◆ **Exercise brief**
Word for word, restate the entries below, but exclude the images.

◆ **Source information**
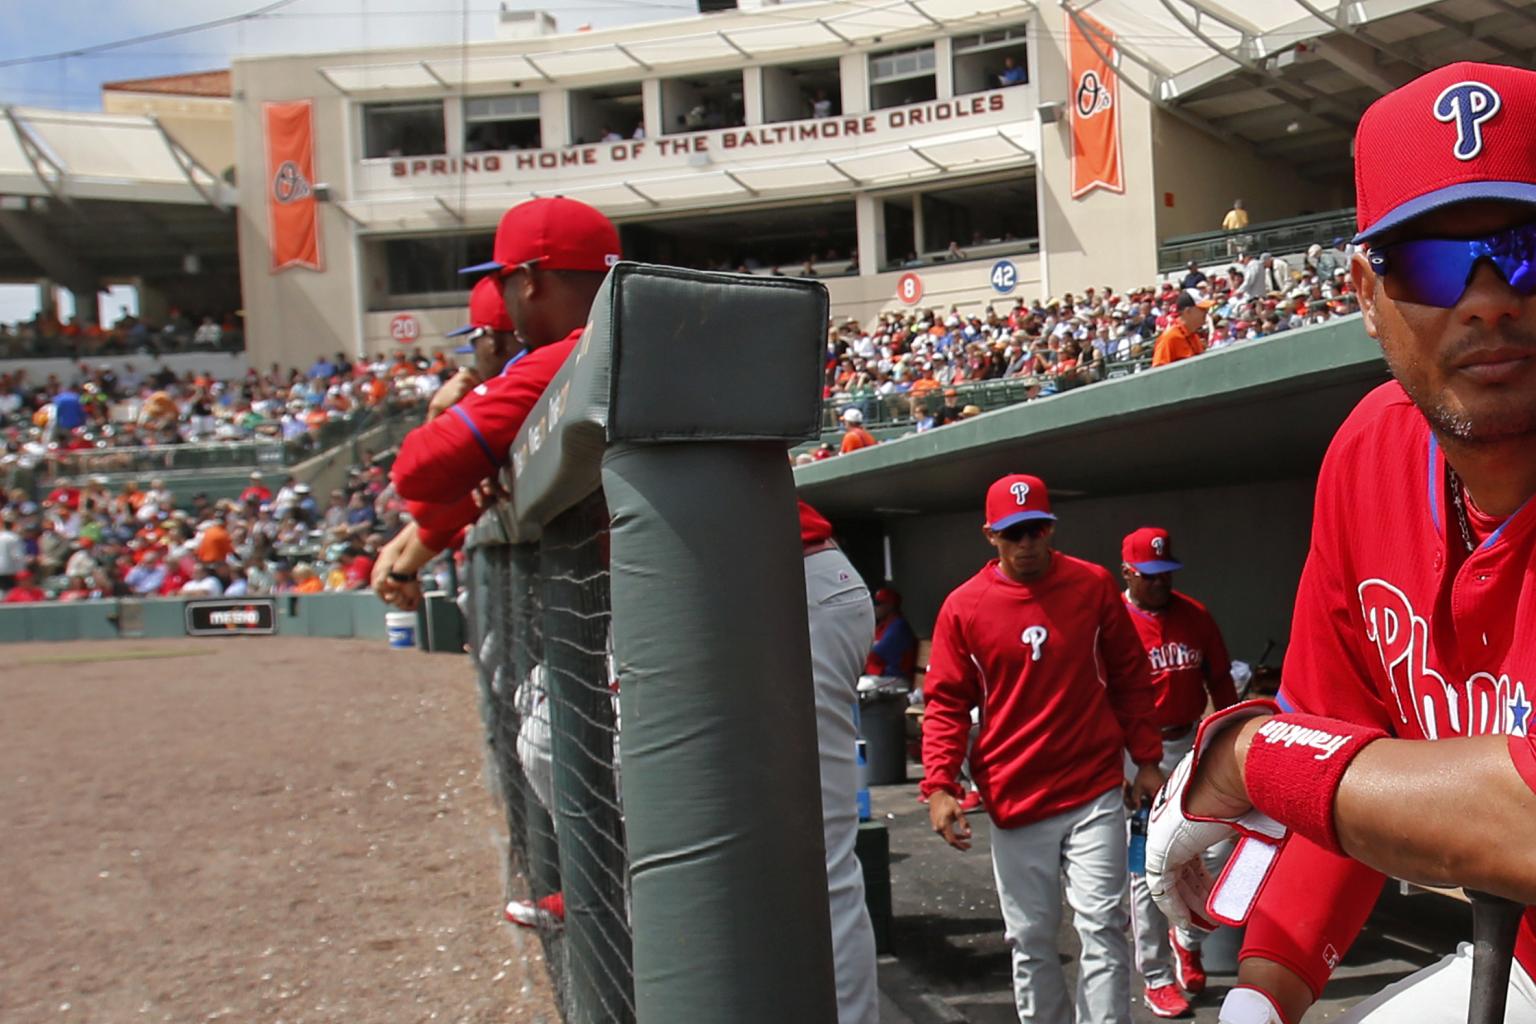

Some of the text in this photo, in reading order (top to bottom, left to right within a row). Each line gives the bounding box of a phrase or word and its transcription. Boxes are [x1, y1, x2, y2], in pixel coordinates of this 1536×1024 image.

[1433, 81, 1501, 160] P
[390, 94, 1005, 178] SPRING HOME OF THE BALTIMORE ORIOLES
[992, 265, 1014, 287] 42
[903, 278, 915, 298] 8
[393, 319, 417, 338] 20
[1010, 481, 1030, 505] P
[1151, 536, 1166, 555] P
[1021, 625, 1048, 661] P

◆ **Solution to this exercise**
Some of the text in this photo, in reading order (top to bottom, left to right within a row). Each line gives the bounding box of a phrase or word and its transcription. Boxes are [x1, y1, x2, y2], in pixel coordinates of this 1536×1024 image.

[1433, 81, 1501, 160] P
[390, 94, 1005, 178] SPRING HOME OF THE BALTIMORE ORIOLES
[992, 265, 1014, 287] 42
[903, 278, 915, 298] 8
[393, 319, 417, 338] 20
[1010, 481, 1030, 505] P
[1151, 536, 1166, 555] P
[1021, 625, 1048, 661] P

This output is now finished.